Republican plan to extend congressional stock trading ban to prediction markets

Republican Proposal Would Extend Congressional Stock Trading Ban to Prediction Markets

A leading House Republican wants to ensure that members of Congress cannot sidestep a potential stock trading ban by speculating on politics through prediction markets.

Rep. Bryan Steil of Wisconsin, chair of the House Administration Committee, said he plans to modify a pending congressional stock ban bill so that it also covers platforms such as Polymarket and Kalshi.

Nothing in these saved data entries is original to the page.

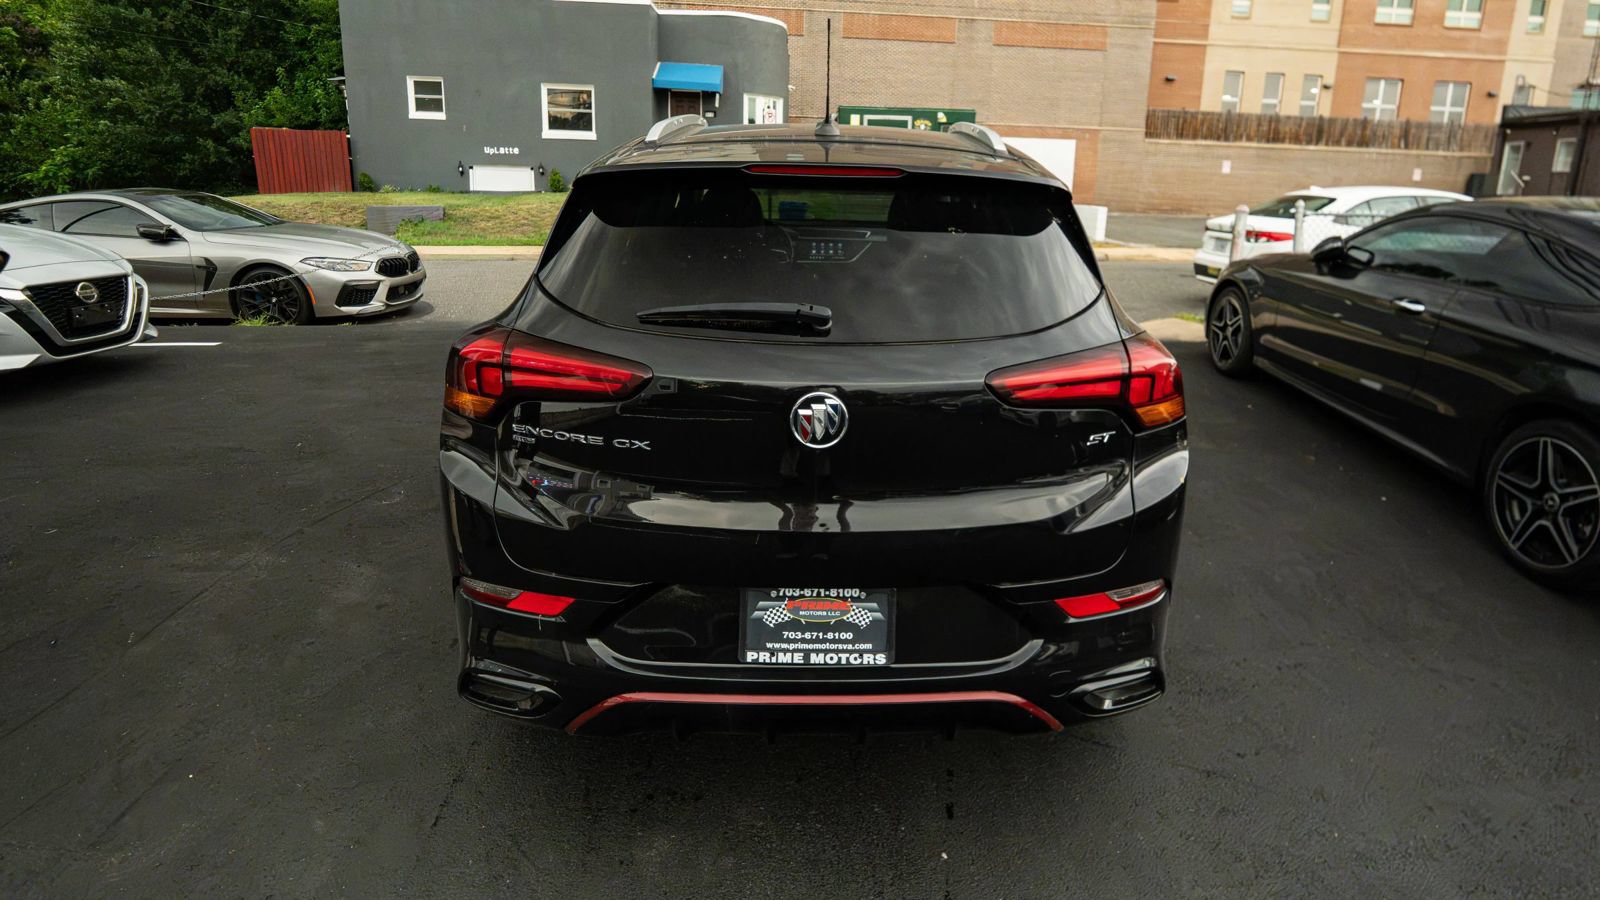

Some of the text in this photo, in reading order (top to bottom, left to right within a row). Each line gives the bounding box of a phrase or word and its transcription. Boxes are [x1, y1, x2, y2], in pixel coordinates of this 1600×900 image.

[484, 146, 519, 155] UpLatte
[512, 424, 604, 445] ENCORE
[613, 439, 651, 450] GX
[1087, 431, 1116, 446] ST
[778, 588, 860, 597] 703-671-8100
[783, 631, 853, 640] 703-671-8100
[766, 642, 872, 650] www.primemotorsva.com
[746, 652, 804, 663] PRIME
[810, 653, 886, 665] MOTORS
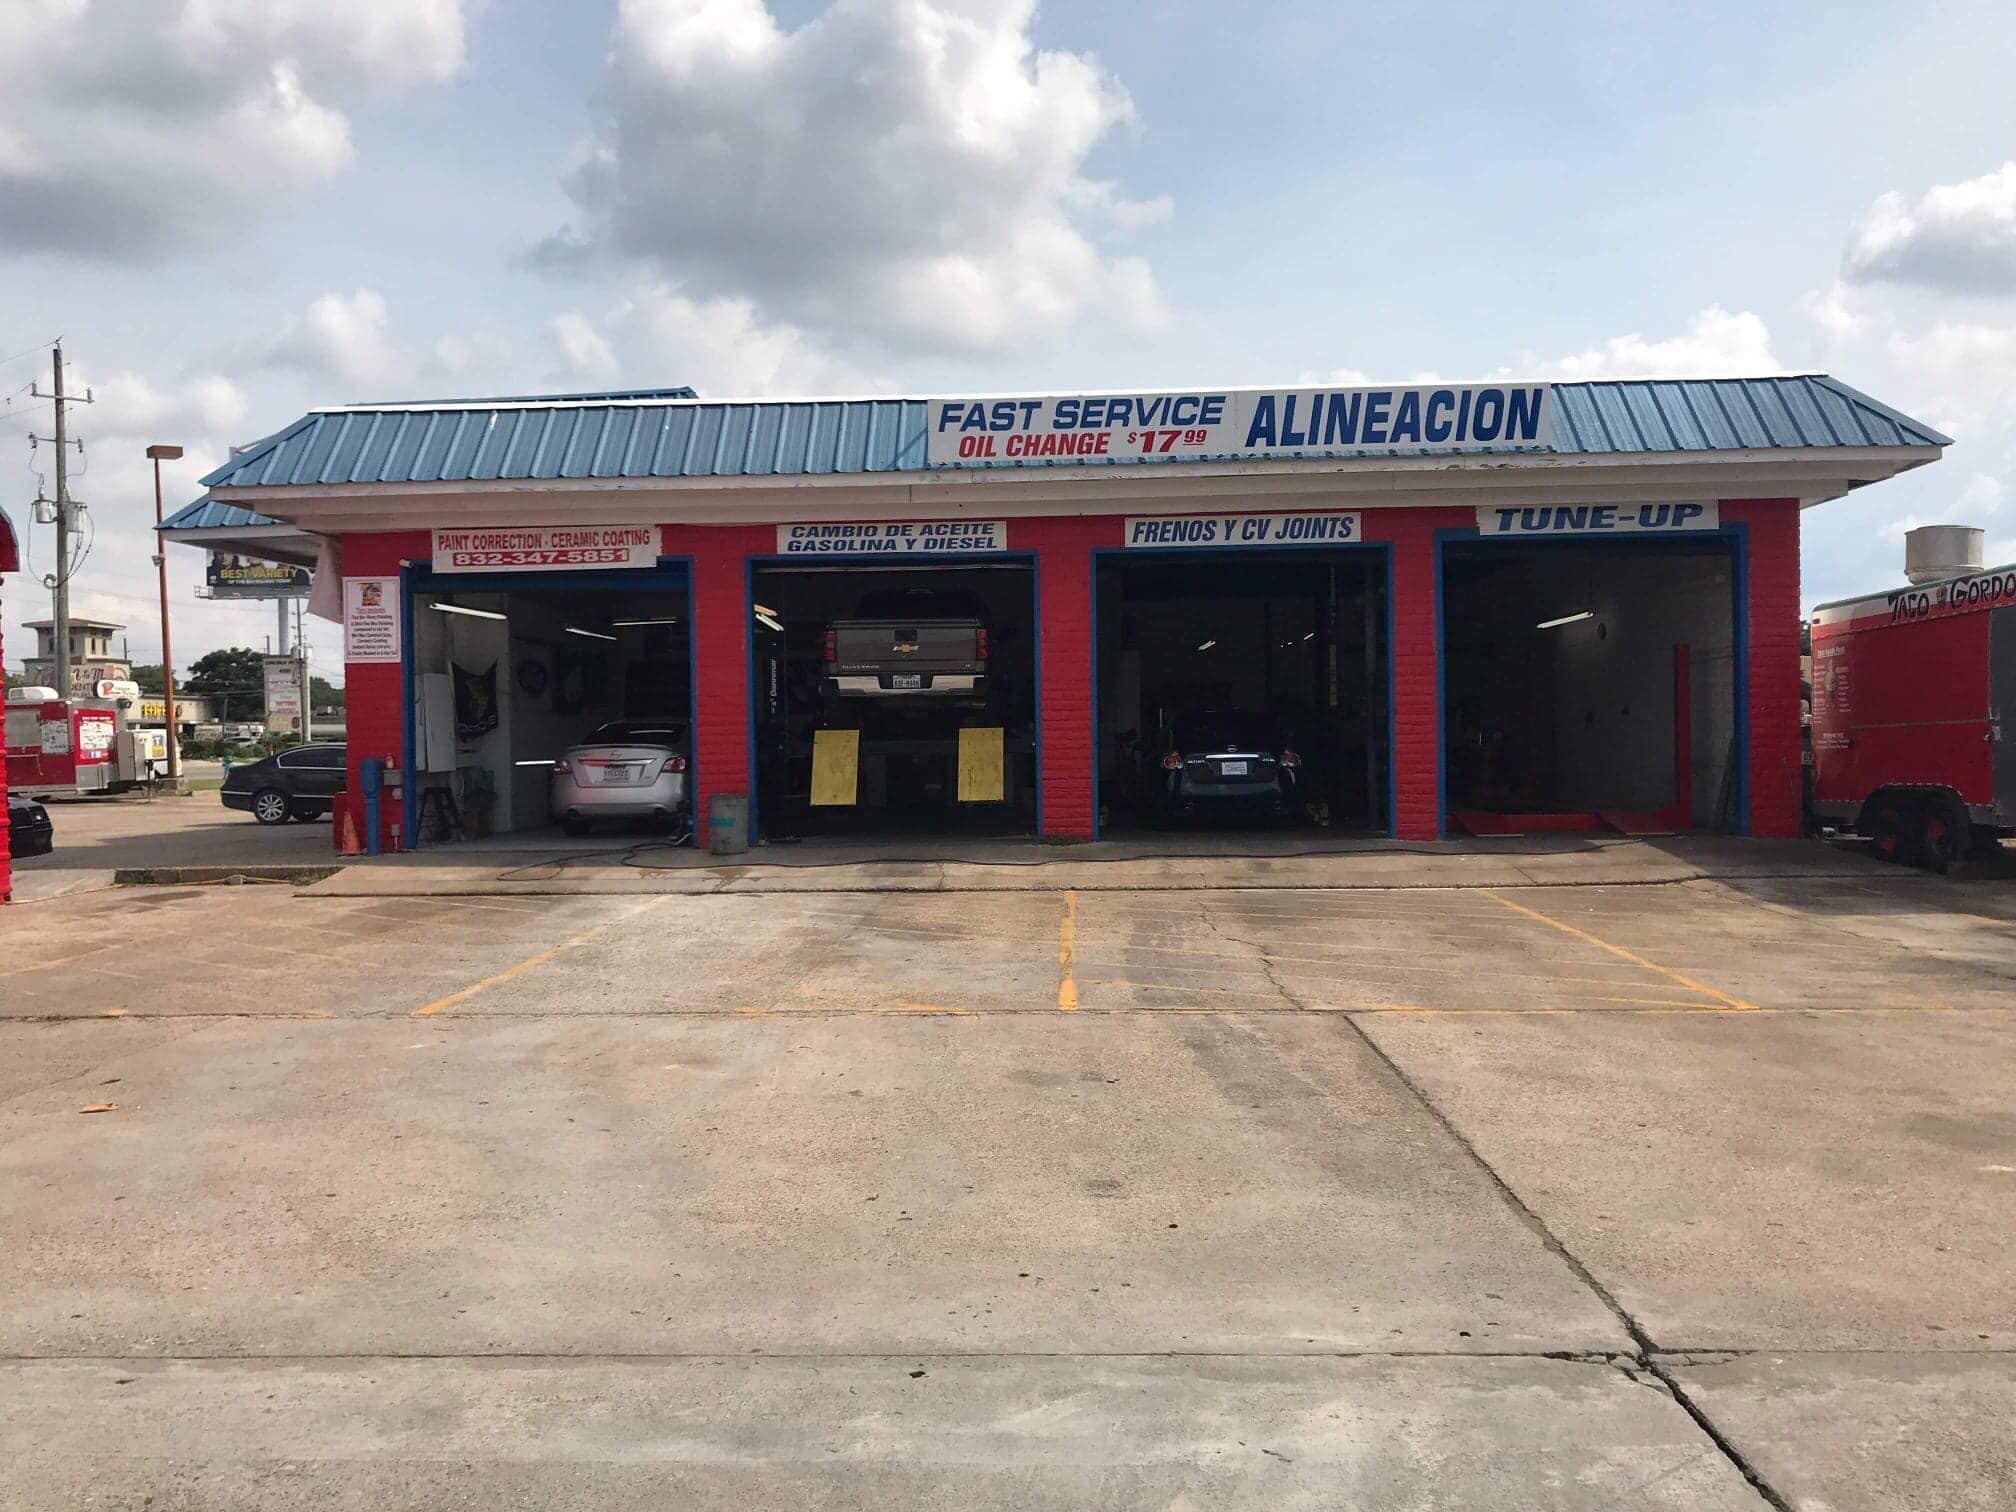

His comments signal that lawmakers are increasingly focused not just on traditional equities, but on newer, more opaque avenues for wagering on political events and policy outcomes.

Speaking to reporters during a roundtable, Steil argued that the public expects elected officials to steer clear of any form of financial betting on the very events they help shape.

“In my conversations with members and the broad public, I don’t think anyone believes that members of Congress should be making trades on elections or making trades on public policy,” he said, referencing both conventional securities and prediction market contracts.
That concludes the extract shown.